# Netzwerk mit WinXP und Router Netgear RP114



## reinerxp (24. August 2003)

Hallo Leute, mein Problem ist folgendes, ich habe zwei Computer, auf dem einen Läuft Win 98 und auf dem anderen WinXP. Der mit Win 98 funktioniert einwandfrei über den Router Netgear RP114. Der mit dem Win XP (Profesional) wählt sich einfach nicht ins Internet ein. Normalerweise gebe ich die IP-Adresse des Routers im Internetexplorer ein und dann habe ich die Seite des Netgearrouters, da komme ich aber schon nicht hin,  ins Internet schon gar nicht. Er schreibt mir immer wieder, ich soll die Netzwerkeinstellung überprüfen. Das versuche ich aber schon seit 3Tg. und weiß nicht mehr weiter. Was mir noch auffällt ist, daß wenn ich etwas vom WinXP Rechner sende, flakern alle 4Ports mit der Status-LED gleich, ich glaube, daß das schon nicht richtig ist. Währe für jede Hilfe dankbar. Grüße Reiner


----------



## won_gak (24. August 2003)

Überprüfe die XP Netzwerkeinstellungen. Ist ein wenig kompliziert, da zu stark vereinfacht.

Sieh nach, ob du irgendwo feste IP Adressen eingetragen hast. Wenn der Router über einen WINS oder DNS Server verfügt kannst du die Netzwerkeinstellungen auf automatisch stellen.

Du musst auf jeden Fall zusehen, dass du im selben Subnetz bist.

IP 192.168.0.1
SN 255.255.0.0

und

IP 192.221.0.2
SN 255.255.0.0

erreichen sich nicht.


----------



## reinerxp (24. August 2003)

Danke erst mal, für die schnelle Antwort. Habe es überprüft, bin im gleichem Subnetz SN 255.255.0.0 und IP 192.168.0.1 im XP-Rechner. Der Router zeigt mir auch an, daß er den Rechner gefunden hat. (mit der MAC-Adress und den Rechnernamen) aber er verbindet mich trotzdem nicht. Was auch, für mich zumindest, komisch ist, wenn ich auf die Netzwerkeinstellung im System gehe, zeigt er mir keine gesendeten Bits an. (und auch keine Empfangene) Grüße aus dem Süden, Reiner 
P.S.: Der Router verfügt über WINS und DNS.


----------



## won_gak (24. August 2003)

Dann lass den WINS Server laufen (oder DHCP). Dann stellst du bei XP die automatische Adresszuweisung ein. Dann sollte es eigentlich gehen.

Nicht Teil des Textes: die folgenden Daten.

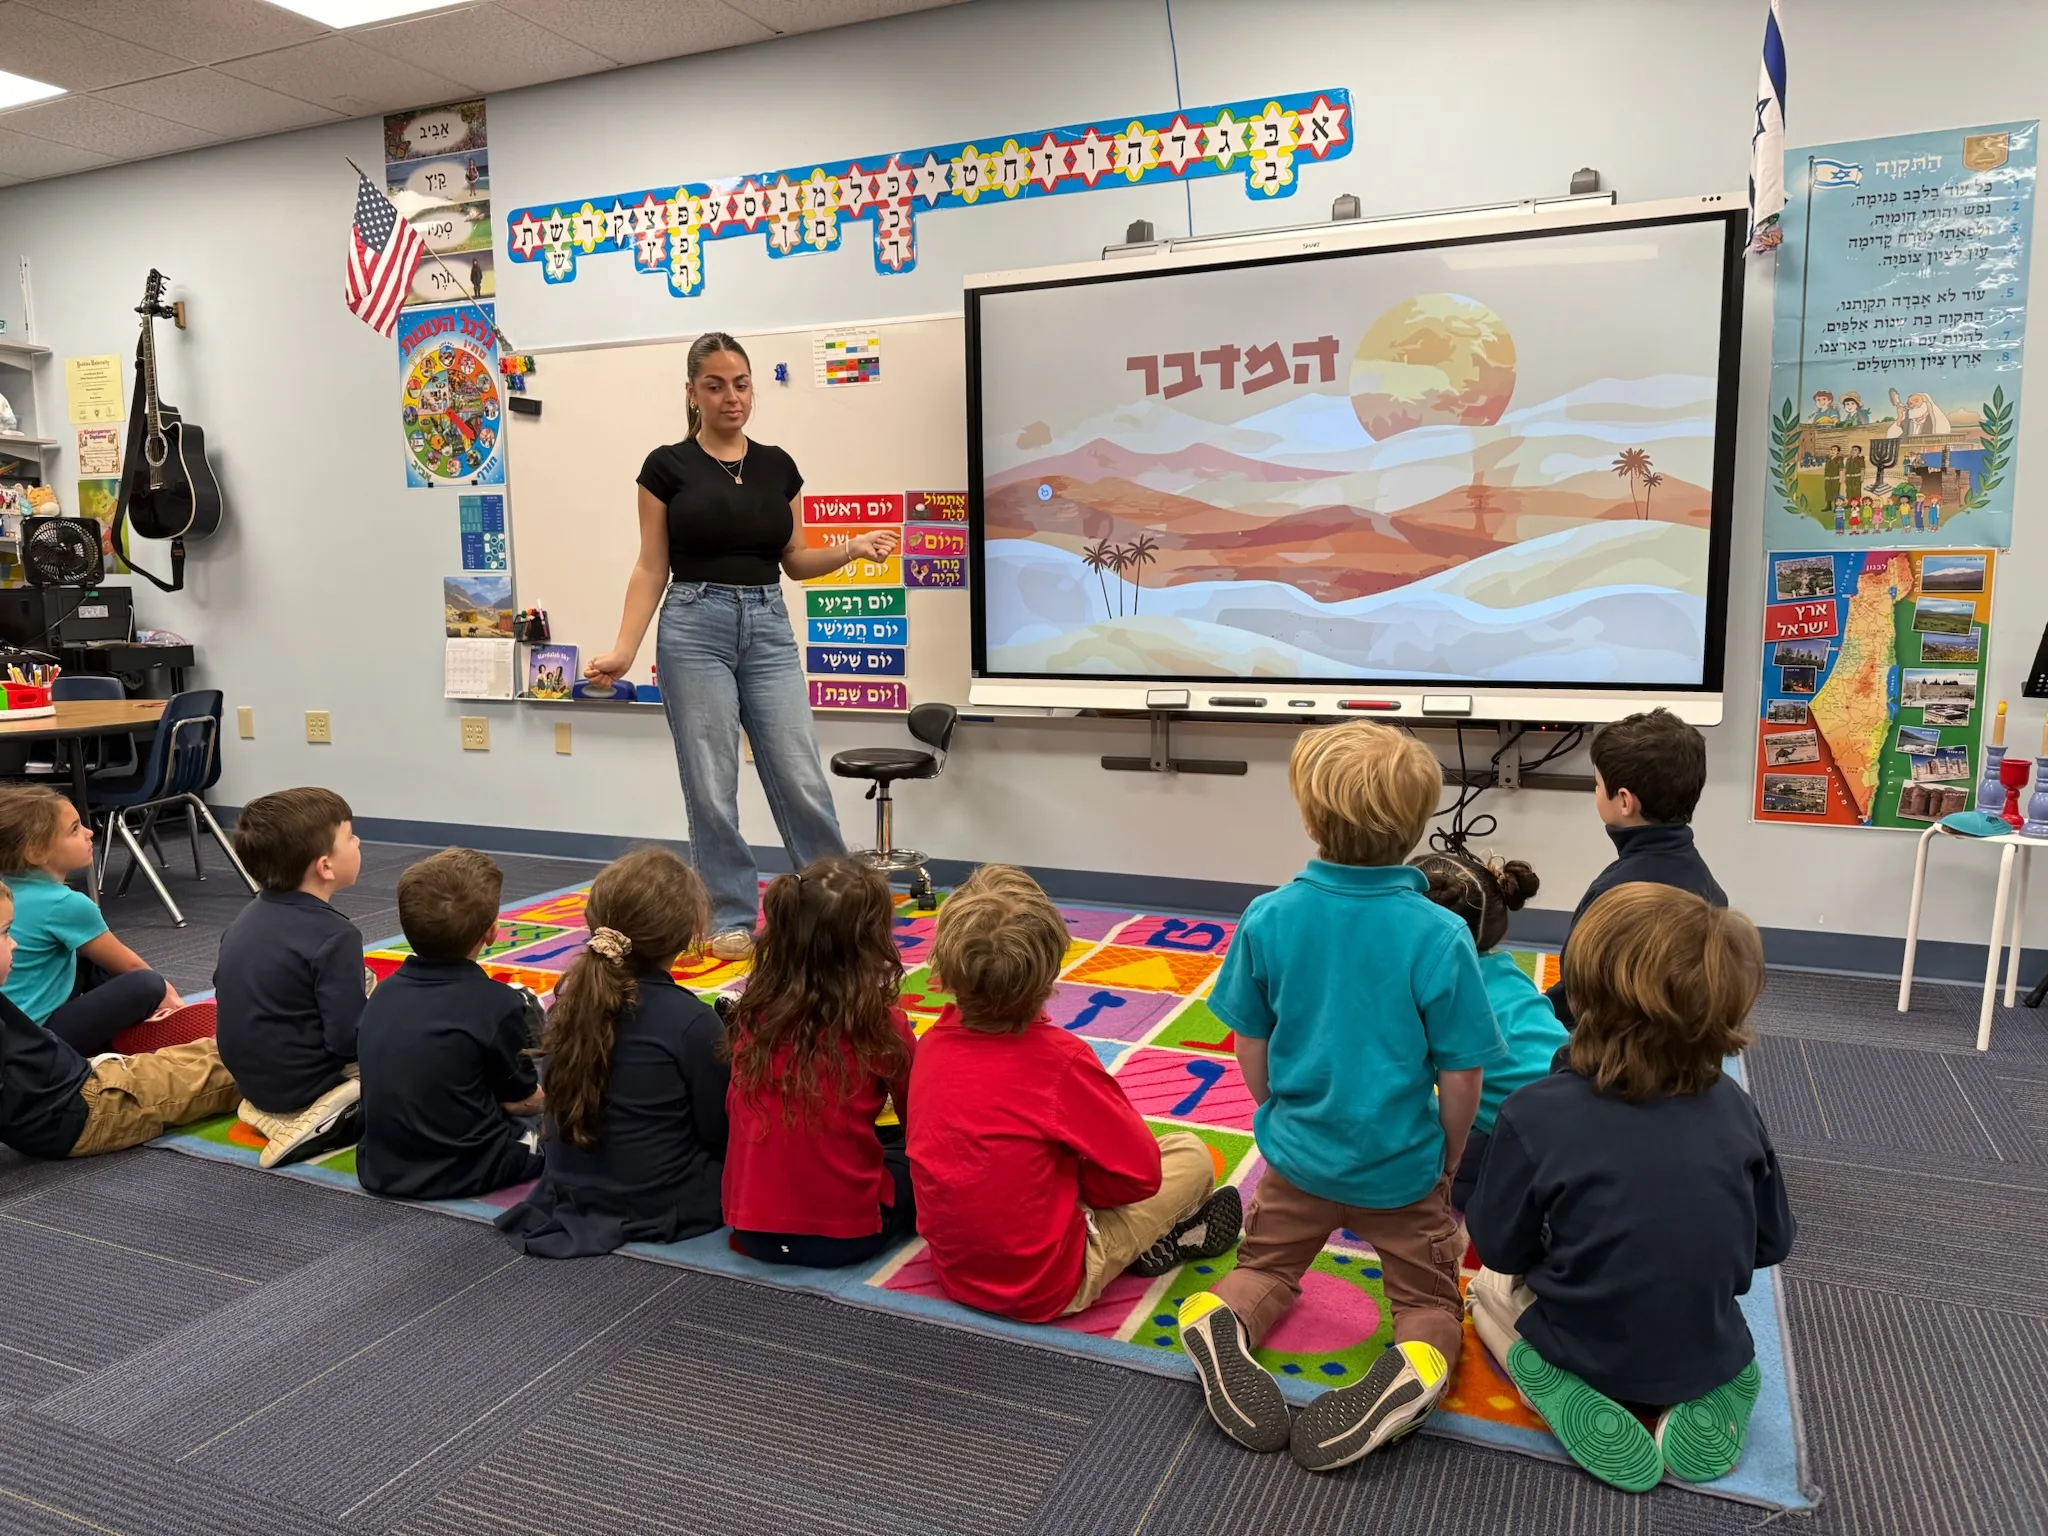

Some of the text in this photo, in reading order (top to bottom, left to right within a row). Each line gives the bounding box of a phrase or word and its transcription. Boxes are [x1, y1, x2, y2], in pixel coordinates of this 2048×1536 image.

Wichtig ist, dass du unter den Netzwerkeinstellungen den Router als Gateway angibst. Du siehst dann auch eine Netzwerkverknüpfung "Internet Gateway"


----------



## reinerxp (26. August 2003)

Hallo, habe das ganze nochmal Probiert, funktioniert alles irgendwie nicht.
Als Automatische IP-Adresse bekomme ich : 169.254.203.147 vom Router zugewiesen. Die Pings funktionieren auch. Wenn ich das ganze Manuell eingebe, dann findet der Router den Rechner gar nicht mehr. Ich habe auch noch eine Frage zu dem TCP/IP Protokoll. In den Eigenschaften von Lan-Verbindung ist nur das Protokoll : Internetprotokoll (TCP/IP), beim XP-Rechner. Beim WIN98 ist zusätzlich ein Protokoll TCP/IP-"Name Netzwerkkarte". Ich hätte versucht das Protokoll zu instalieren, aber ich kann es nicht, da mir WindowsXP nicht vorschlägt. Ich kann auch das TCP/IP Protokoll nicht löschen und dann nochmal Instalieren, das geht auch nicht. Mitlerweile weiß ich auch nicht mehr was ich machen soll. Netgear hat mir auch nicht weiterhelfen können, da sie einfach sagen, an der Hardware von Router liegt es nicht, die Pings kommen richtig an und somit liegt das Problem nicht bei Netgear, sondern wo anders. Auch nicht schlecht nach einer Std. Hotline-Nr....... Ich hoffe es hat noch jemand einen Vorschlag. 
Grüße an alle, vom sonnigen Süden, Reiner


----------



## Sinac (26. August 2003)

Das mit dem TCP/IP->Netzwerkkarte ist schon ok, das sind die Bindungen, die werden bei XP nicht angezeigt.
Gehe mal etwas systematischer vor:

Ping von Win98 -> Router ?
Ping von WinXP -> Router ?
Einwahl Router Inet?
Webinterface von Win98 -> Router?
Webinterface von WinXP -> Router?
Harware (Kabel) ok?
Gateway richtig eingetragen?
Firewall am laufen?
Subnet ok (wirds wohl bei DHCP)
...

Greetz...
Sinac


----------



## reinerxp (27. August 2003)

Hallo, habe es probiert mit dem Ping. Win98 funktioniert. Bei WinXP bekomme ich immer Zeitüberschreitung. Kann weder der Router noch den anderen Rechner (Win98) anpingen.  Wenn ich es auf Autom.  Adresszuweisung mache,  gehts nicht und manuell wenn ich es eintrage, gehts auch nicht. Grüße Reiner


----------



## reinerxp (30. August 2003)

Hallo Leute, als erstes wollte ich mich mal bedanken für die Ratschläge. Habs jetzt geschafft, es geht alles so wie ich es haben will. (und auch sein soll) Wenn´s jemanden Interssiert, es war der  DSL-Treiber von T-Online. Ich wußte nicht, daß bei WinXP schon einer daruf ist und zu sehen ist auch nur einer, in den Eigenschaften. Alles gelöscht was mit dem Netzwerk zu tun hat und dann wieder neu Installiert, das wars...
MfG Reiner


----------